Thanks for all the cool info.

In the past, I have tried to run lshal -monitor.  HAL seems to detect my 
devices just fine and in good speed.  I'll try some of your suggestions.

> (the ending /. makes sure that the command cannot finish
> until the referent 
> is actually mounted -- with "ls

I never realized you could do this.  Beats the heck out of sending the command 
over and over until the thing is finally mounted.
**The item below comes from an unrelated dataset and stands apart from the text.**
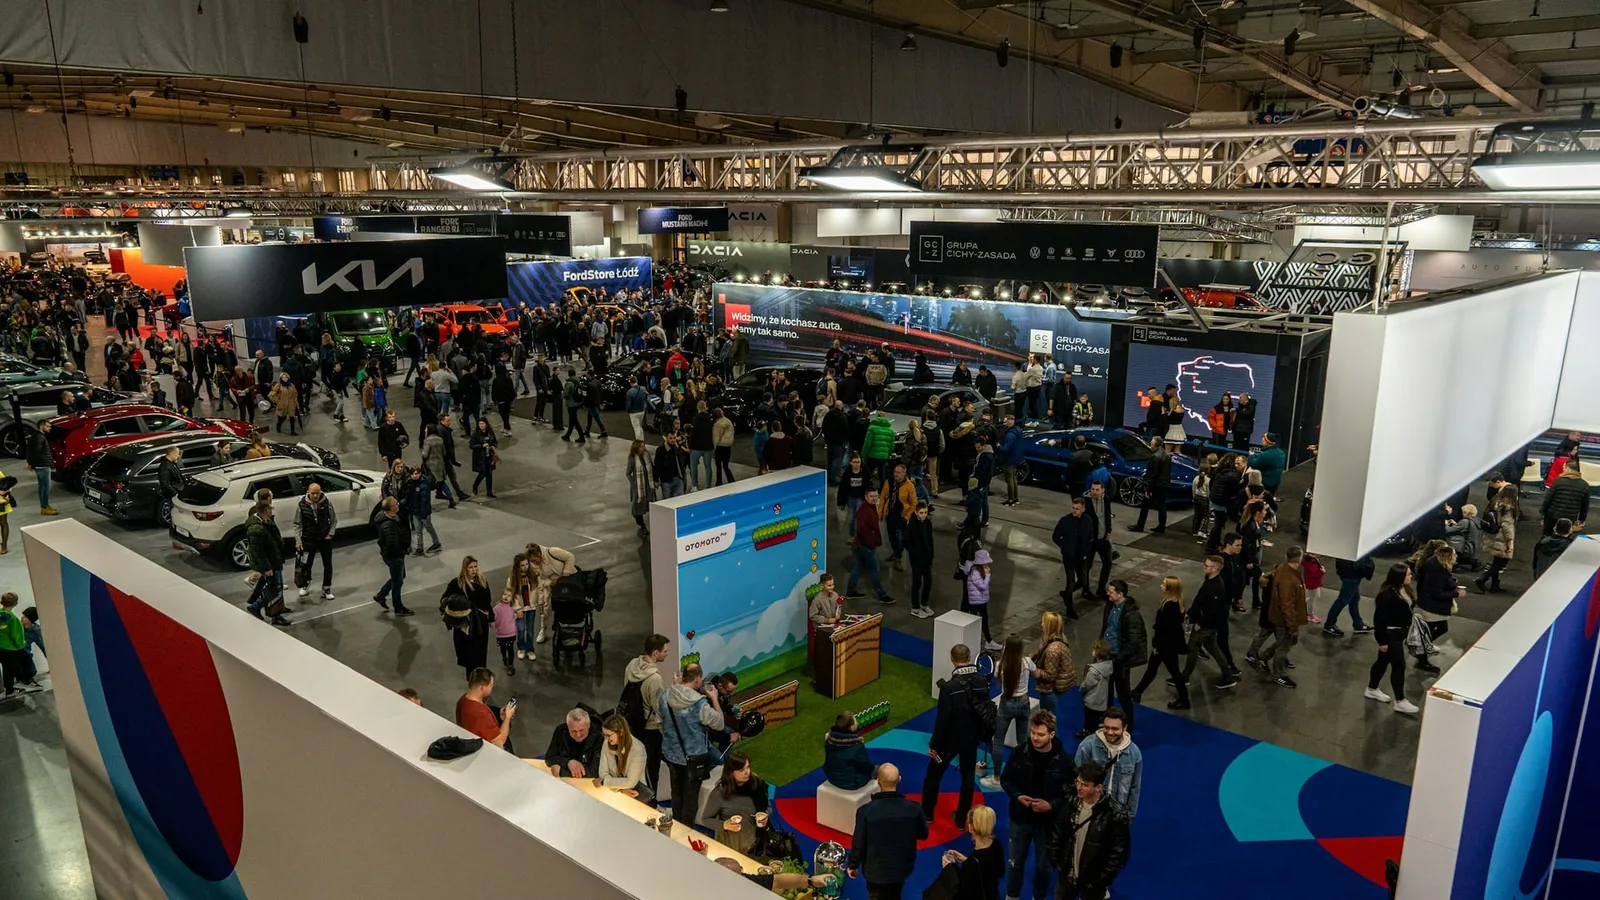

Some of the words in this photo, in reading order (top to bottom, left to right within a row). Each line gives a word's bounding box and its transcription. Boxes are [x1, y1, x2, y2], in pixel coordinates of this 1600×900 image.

--- On Wed, 8/20/08, Jim Carter <[EMAIL PROTECTED]> wrote:

> From: Jim Carter <[EMAIL PROTECTED]>
> Subject: Re: [autofs] Is Autofs 5 Slower Than 4
> To: "Thanh Tran" <[EMAIL PROTECTED]>
> Cc: "Jeff Moyer" <[EMAIL PROTECTED]>, autofs@linux.kernel.org
> Date: Wednesday, August 20, 2008, 12:28 PM
> On Wed, 20 Aug 2008, Thanh Tran wrote:
> 
> > I upgraded my entire OS from Fedora 5 to 8.  By slow,
> I mean around 20 
> > seconds to detect and mount.  There are too many
> variables.  I was hoping 
> > it would be a simple polling flag that could be
> switched in autofs.  I 
> > can live with the slower time.  I did notice that it
> took a long time 
> > only when I physically removed the drive and
> re-inserted the drive.  
> > When I use the "umount" command and not
> remove the drive, I can quickly 
> > change directory back to drive and it mounts in like 2
> seconds at most.  
> > Thanks for the help.
> 
> It sounds like the issue is with hotplug -- automount
> can't mount a drive 
> when the kernel doesn't admit that it exists.  If you
> could capture syslog 
> traffic from the kernel at the "debug" level, you
> could see from the 
> timestamps exactly how long it took to get the USB device
> alive enough to 
> be mounted.  Also, I can easily imagine a race condition in
> which the 
> device is partially hotplugged, enough that the mount
> command doesn't fail 
> but does get stuck in some kind of timeout.  If you wanted
> to put a lot of 
> work into the project, you could do this:
> 
> Starting with the device unmounted and removed, insert it
> and 
> simultaneously press enter on a command like this:
>     time /bin/sh -c "sleep 1 ; ls -ld
> /media/myusbdrive/."
> (the ending /. makes sure that the command cannot finish
> until the referent 
> is actually mounted -- with "ls
> /media/myusbdrive" you wonder if an 
> optimization might deliver only confirmation that the mount
> point is in the 
> /media directory.)  Unmount and repeat, varying the sleep
> time from 1 to 20 
> secs, and see if there's a specific time, probably
> about 5 secs, where 
> the long extra delay does not happen.
> 
> Jeff Moyer mentioned that most people use HAL and friends
> to mount 
> hotplugged volumes.  I've written up a small
> "howto" on this topic.  See 
> "Jim Carter's Bugfixes", 
> http://www.math.ucla.edu/~jimc/documents/bugfix.html
> about halfway through, the item titled "Automatic
> Volume Mounting Without 
> KDE or Gnome", and the items following.
> 
> James F. Carter          Voice 310 825 2897    FAX 310 206
> 6673
> UCLA-Mathnet;  6115 MSA; 520 Portola Plaza; Los Angeles,
> CA, USA  90095-1555
> Email: [EMAIL PROTECTED]    http://www.math.ucla.edu/~jimc
> (q.v. for PGP key)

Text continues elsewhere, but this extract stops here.